Une découverte révoltante qui rappelle d’une sinistre manière la nécessité de mieux protéger les cétacés et plus largement notre patrimoine marin.
La découverte des cadavres de trois dauphins bleus et blancs en début de semaine dans la Calanque de Morgiou par des plongeuses d’un club de Cassis engendre consternation incompréhension et colère (image: Dauphin Bleu et blanc © Olivier Bianchimani).
Alors que les cadavres des dauphins viennent d’être remontés par la Brigade de Sureté du Littoral de la Gendarmerie maritime dans le cadre de l’enquête diligentée par le Parquet de Marseille et dans l’attente des résultats de l’autopsie, Guy TEISSIER, Président du GIP des Calanques, ainsi que l’équipe du GIP, ont souhaité manifester leur écoeurement et leur révolte face à de telles pratiques.

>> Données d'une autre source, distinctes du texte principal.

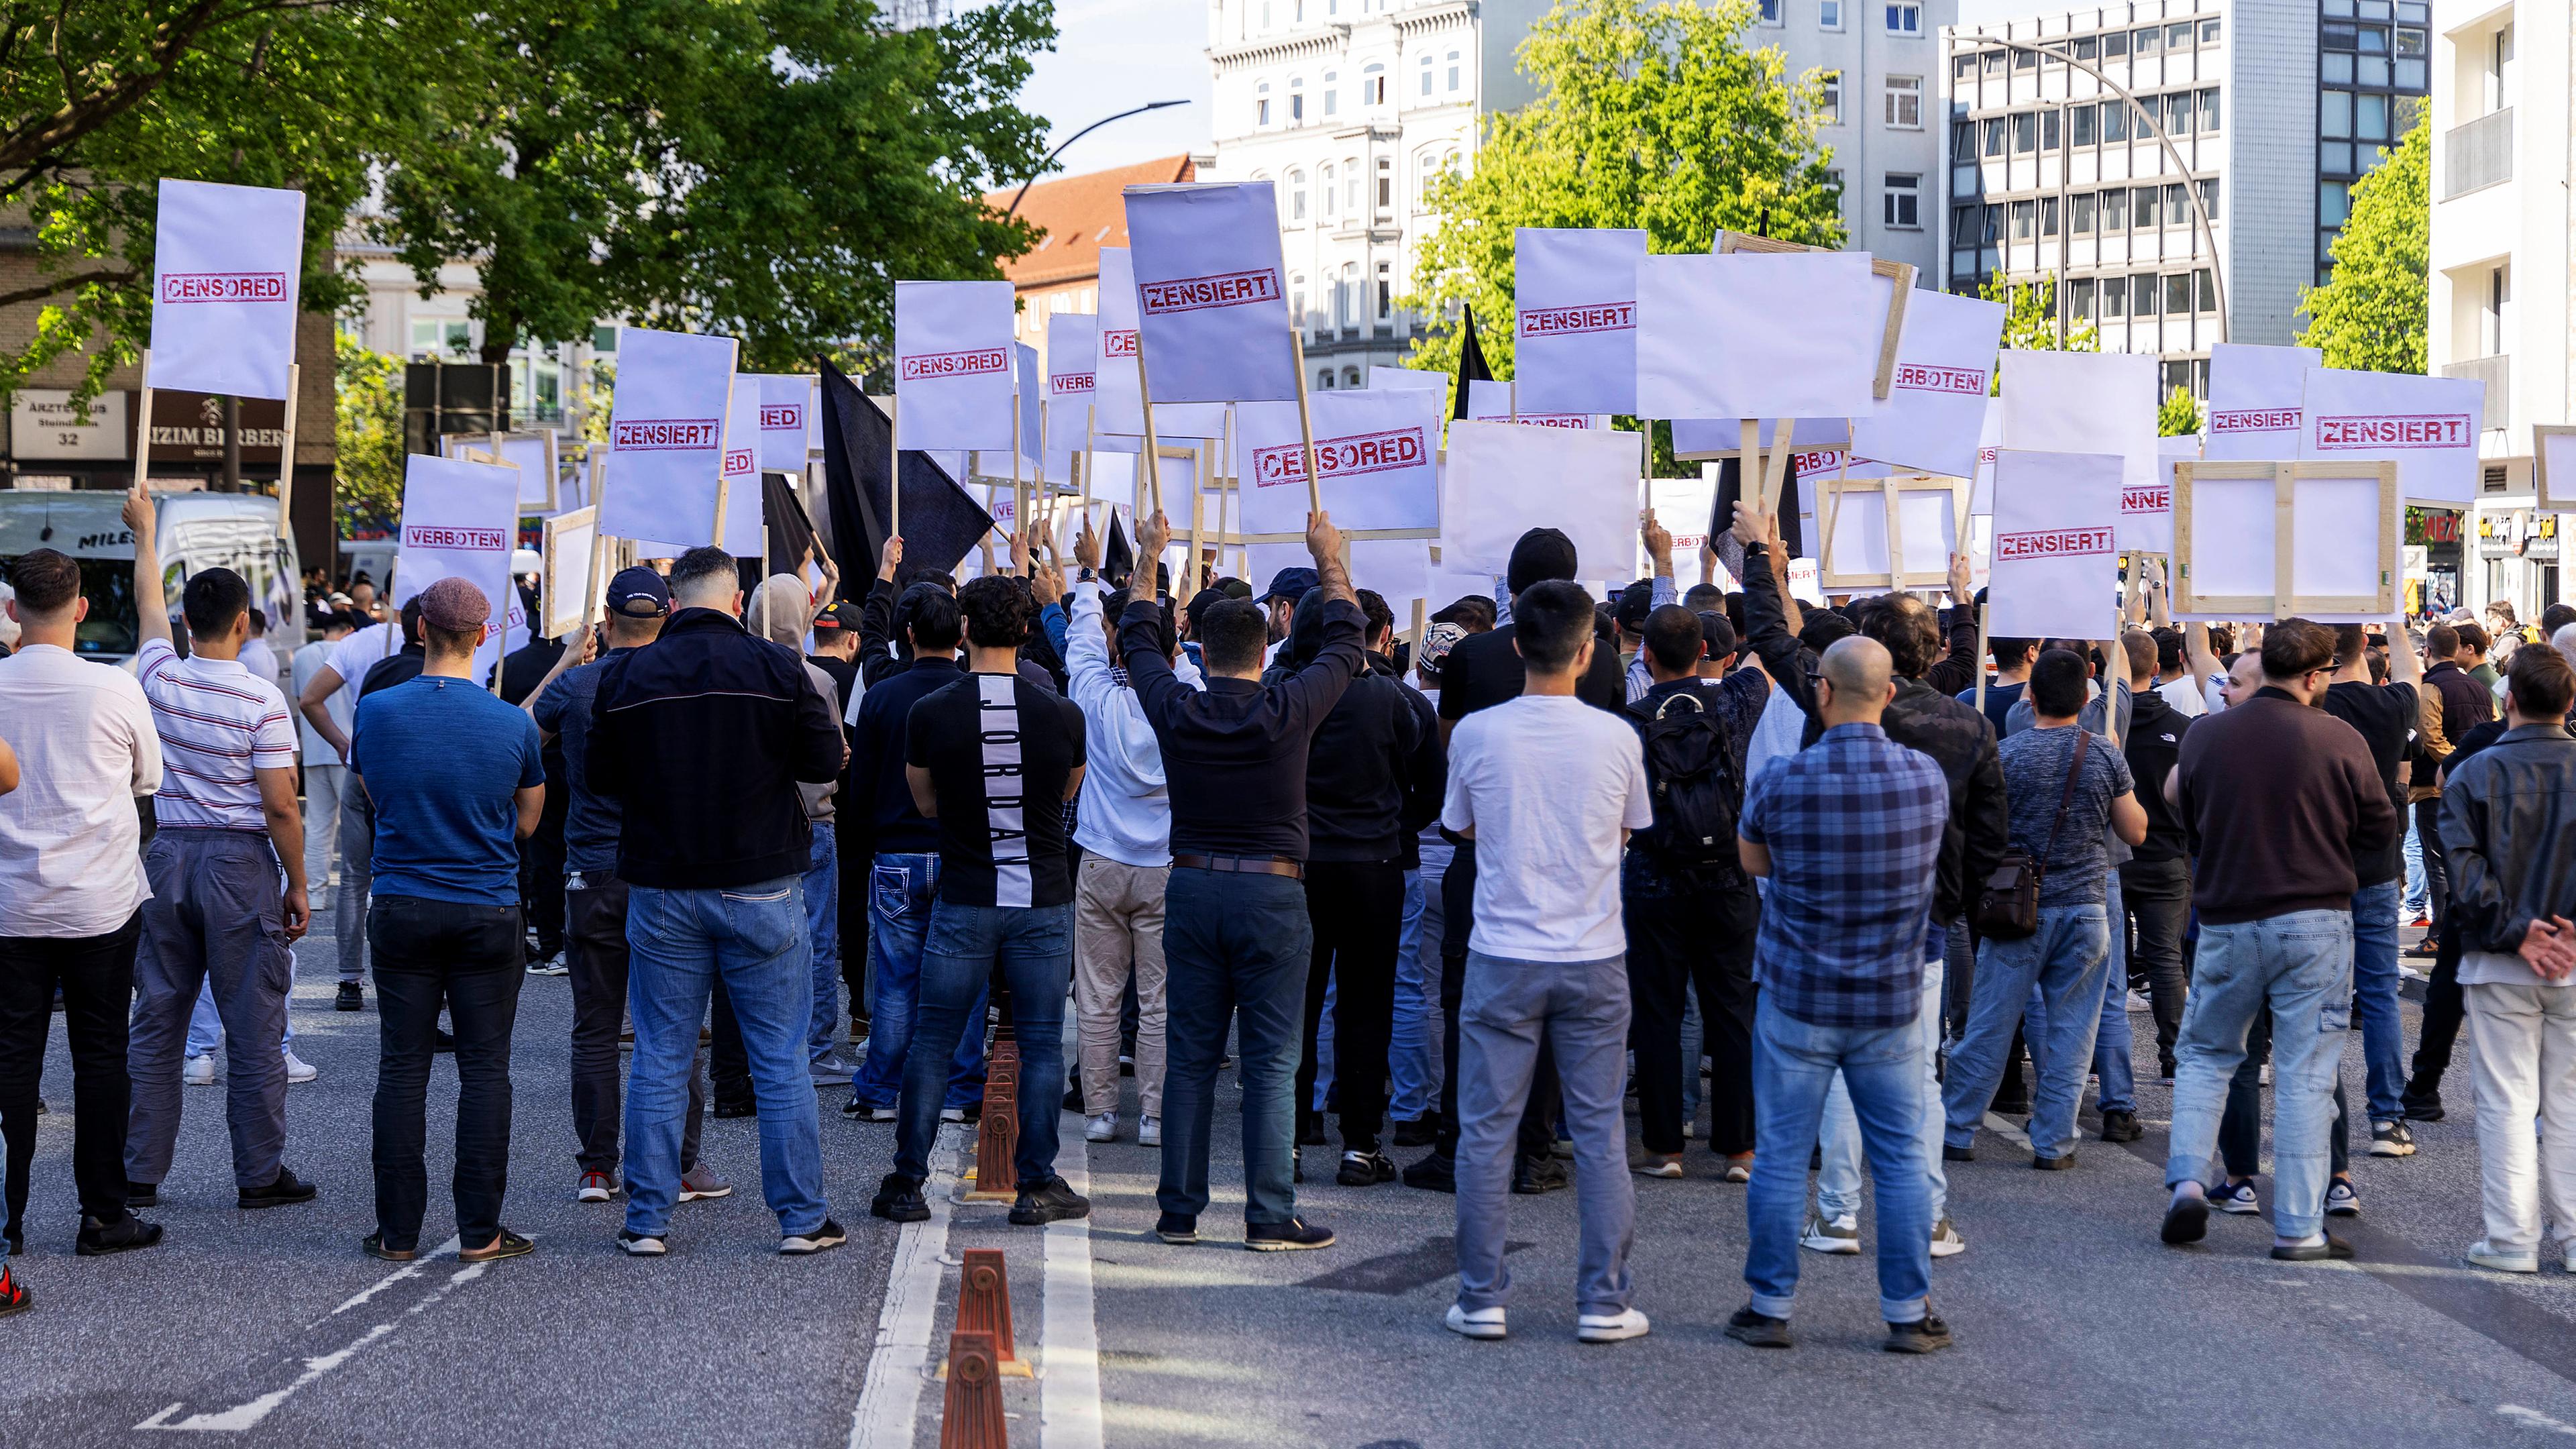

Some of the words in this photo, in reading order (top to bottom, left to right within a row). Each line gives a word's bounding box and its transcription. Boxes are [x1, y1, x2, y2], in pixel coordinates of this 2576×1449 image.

Les Dauphinseu et blanc (Stenella coeruleoalba) font partie de la petite dizaine de cétacés les plus fréquemment observés au large des Calanques, notamment au droit du Canyon de la Cassidaigne où ils se nourrissent, avec aussi le Grand dauphin (Tursiops truncatus) vus à proximité du Frioul l’hiver dernier, ou encore le Rorqual commun (Balaenoptera physalus), deuxième plus grand animal terrestre après la Baleine Bleue. Ces mammifères marins, au sommet de la chaîne alimentaire, particulièrement intelligents et régis par une organisation sociale complexe sont un véritable trésor du patrimoine naturel de Méditerranée, que nous avons encore la chance de pouvoir observer près de nos côtes. En dépit de leur statut d’espèces protégées, ces splendides animaux sont soumis à de fortes pressions, notamment en Méditerranée (collisions avec ces navires, pollutions, prises accidentelles dans des filets…).
S’il faut encore attendre les résultats de l’enquête pour se prononcer plus avant, on ne peut qu’être profondément choqué par de tels agissements qui, outre, qu’ils constituent des infractions graves punies par les textes, témoignent d’un réel mépris du vivant et d’une volonté semble-t-il délibérée d’être vu et de provoquer, le site restant accessible aux plongeurs chevronnés. Si la mort accidentelle de ces animaux est toujours possible, les cadavres auraient dû être ramenés aux autorités compétentes pour être examinés, afin que leur mort ne soit pas inutile.
Pour Guy TEISSIER, cet évènement consternant ne fait malheureusement que renforcer la nécessité de doter rapidement cet espace marin exceptionnel de moyens de surveillance et de gestion à la hauteur des enjeux et de leur valeur. Ce que permettra la création du Parc national des Calanques prévue en 2012 et dont l'enquête publique, pendant laquelle tous les Français pourront donner leur point de vue, débutera le 17 octobre.
En effet, cet outil de protection et de gestion de la nature aura parmi ses principales missions, de préserver les espèces à forte valeur patrimoniale.